Mistry: What does it mean to be brown at CWRU?
April 19, 2019
Last week, I opened the links to see all of the letters of intent for the Spring 2019 Undergraduate Student Government (USG) elections, and I couldn’t help but notice the sizeable number of brown people who are running.
I’m sure you’ve heard the term “under-represented minority,” or URM, which refers to people in the U.S. who are of African-American, Hispanic/Latinx, Native American or Pacific Islander origin. They are numerically and structurally underrepresented in institutions like Case Western Reserve University. URMs make up approximately 32 percent of the U.S. population but only about 12 percent of the student body at CWRU.
I would like to posit another term in contrast: overrepresented minority, which I would argue describes South Asian students at CWRU. While the specific data for South Asians at CWRU is lacking, Asians more broadly make up seven percent of the U.S. population but make up 20 percent of the undergraduate student body here.
As I write this, the USG elections have not occurred yet. However, there is a distinct possibility that four of the six main executive positions within USG will be occupied by South Asian American students. Six of the 11 candidates for these positions are brown. Thirty-one percent of the College of Engineering candidates and a whopping 52 percent of the College of Arts and Sciences candidates are of South Asian descent. Talk about a brown come-up.
I’m sure there will be people who will see that and say “yeah, but who cares about USG?” After all, their own former VP of Student Life admitted to The Observer last year that since only about 30 percent of campus participates in the elections, they do not have a meaningful mandate. And while I wholeheartedly agree with that, it does not change the fact that to the university administration, USG is the face of the student body. Regardless of whether a substantial number of students participate in the elections, the body will very likely be disproportionately South Asian.
I do not believe in hard racial quotas.
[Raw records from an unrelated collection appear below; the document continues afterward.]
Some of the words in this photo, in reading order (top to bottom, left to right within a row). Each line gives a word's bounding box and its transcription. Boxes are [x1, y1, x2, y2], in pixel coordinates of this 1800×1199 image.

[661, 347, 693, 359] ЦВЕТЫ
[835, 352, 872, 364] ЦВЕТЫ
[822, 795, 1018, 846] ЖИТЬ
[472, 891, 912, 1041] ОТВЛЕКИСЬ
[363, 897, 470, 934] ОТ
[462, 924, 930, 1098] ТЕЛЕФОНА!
The issue goes deeper than just raw numbers. After all, CWRU’s URM population is already incredibly low, especially for African-Americans, who have remained approximately five percent of the student population for years.
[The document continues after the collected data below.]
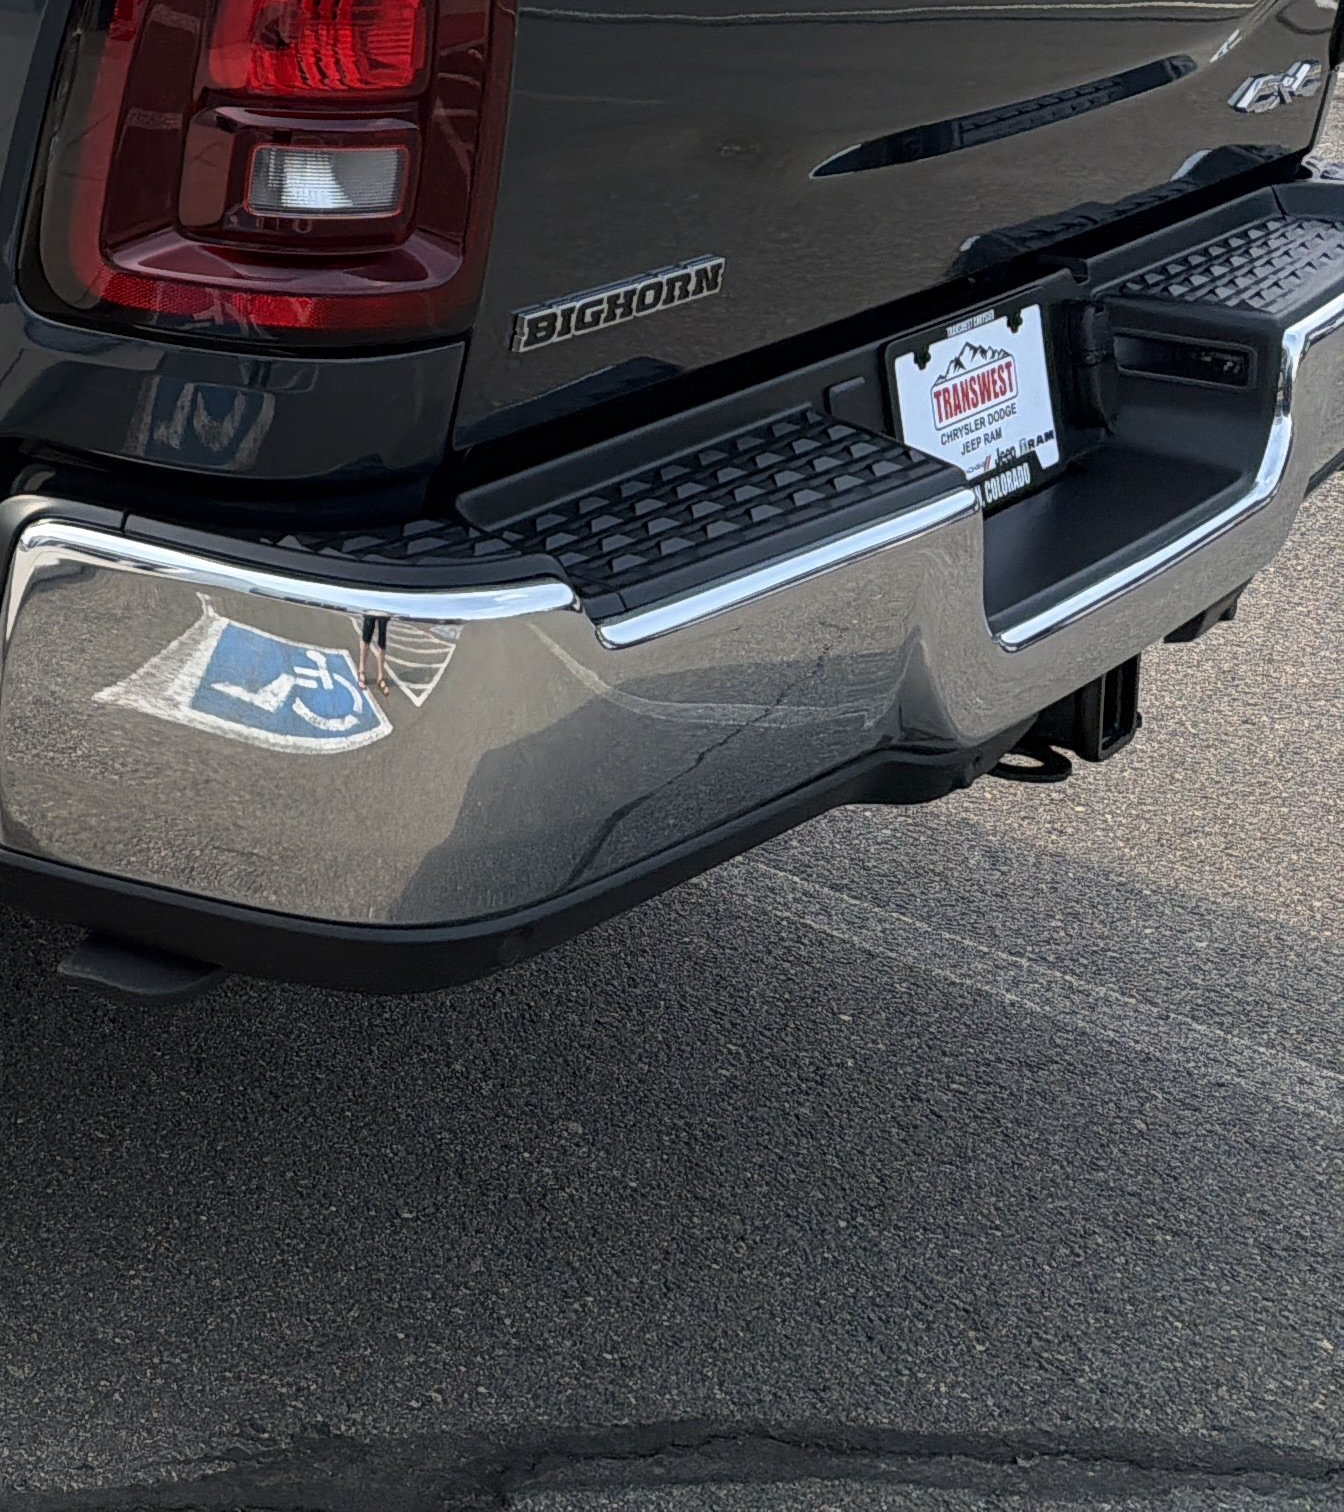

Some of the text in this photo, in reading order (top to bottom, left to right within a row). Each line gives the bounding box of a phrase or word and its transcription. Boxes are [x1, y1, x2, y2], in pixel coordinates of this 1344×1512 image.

[511, 254, 725, 353] BIGHORN
[933, 361, 1014, 424] TRANSWEST
[940, 402, 1017, 446] CHRYSLER DODGE
[961, 427, 1003, 456] JEEP RAM
[1027, 429, 1055, 450] RAM
[984, 462, 1031, 504] COLORADO
I’m not arguing that South Asians should not be allowed to make up more than a certain percentage of the student population or of the student government. I am, however, pointing out the massive over-representation, and questioning what the South Asian students who wield this disproportionate influence plan to do with it.
South Asians in the U.S. are on average the wealthiest ethnic or racial group by household income. We are the most likely to graduate college and the most likely to possess graduate degrees. We have not faced the same kinds of institutional racism and segregation that our black and Latinx peers have. We overwhelmingly live in suburbs built by and for a white majority.
Yet, we are inescapably different from white folk. Our language is different, our names are different and our skin is different.
Vijay Prashad, in his book “The Karma of Brown Folk,” reflects on this complicated social position. If W.E.B. Du Bois, the author of “The Souls of Black Folk,” said the existence of blackness in the U.S. was to be a problem, then Prashad argued that the existence of brownness is to be a solution. As an upwardly mobile “model minority,” we can be weaponized as a cudgel against black and Latinx folk, demeaning them for failing to succeed as we have. In return, we get to live safely in white neighborhoods, go to white schools and universities and roleplay “The West Wing” while in student government, as long as we don’t challenge the status quo in a meaningful or substantive way.
This academic year, at least one brown person has served on every single Student Presidents’ Roundtable organizations’ executive board. I would know, I am one of them. The same cannot be said for black or Latinx students here.
We have a strong collective voice here at CWRU. What do we use this authority for? Are we using it to protect a power structure designed by and for the dominant group? Or are we using our positions of privilege and our proximity to whiteness as a doorstop to open up opportunities for our fellow formerly colonized brothers and sisters?
What organizations are we partnering with? What stories are we telling? What issues are we championing?
I believe we can be a strong force to advance the cause of all marginalized people. By the time this article runs, elections will be over, and there will almost certainly be brown people elected to serve in USG next year. They collectively have a choice to make. Will they be advocates or opponents of change?
Most critically: will they be a problem or a solution?
Viral Mistry is a fourth-year biology and cognitive science double major who is also minoring in chemistry, history and philosophy. This fall, he will be moving to North Chicago to pursue a Ph.D. in Biomedical Sciences at Rosalind Franklin University of Medicine and Science.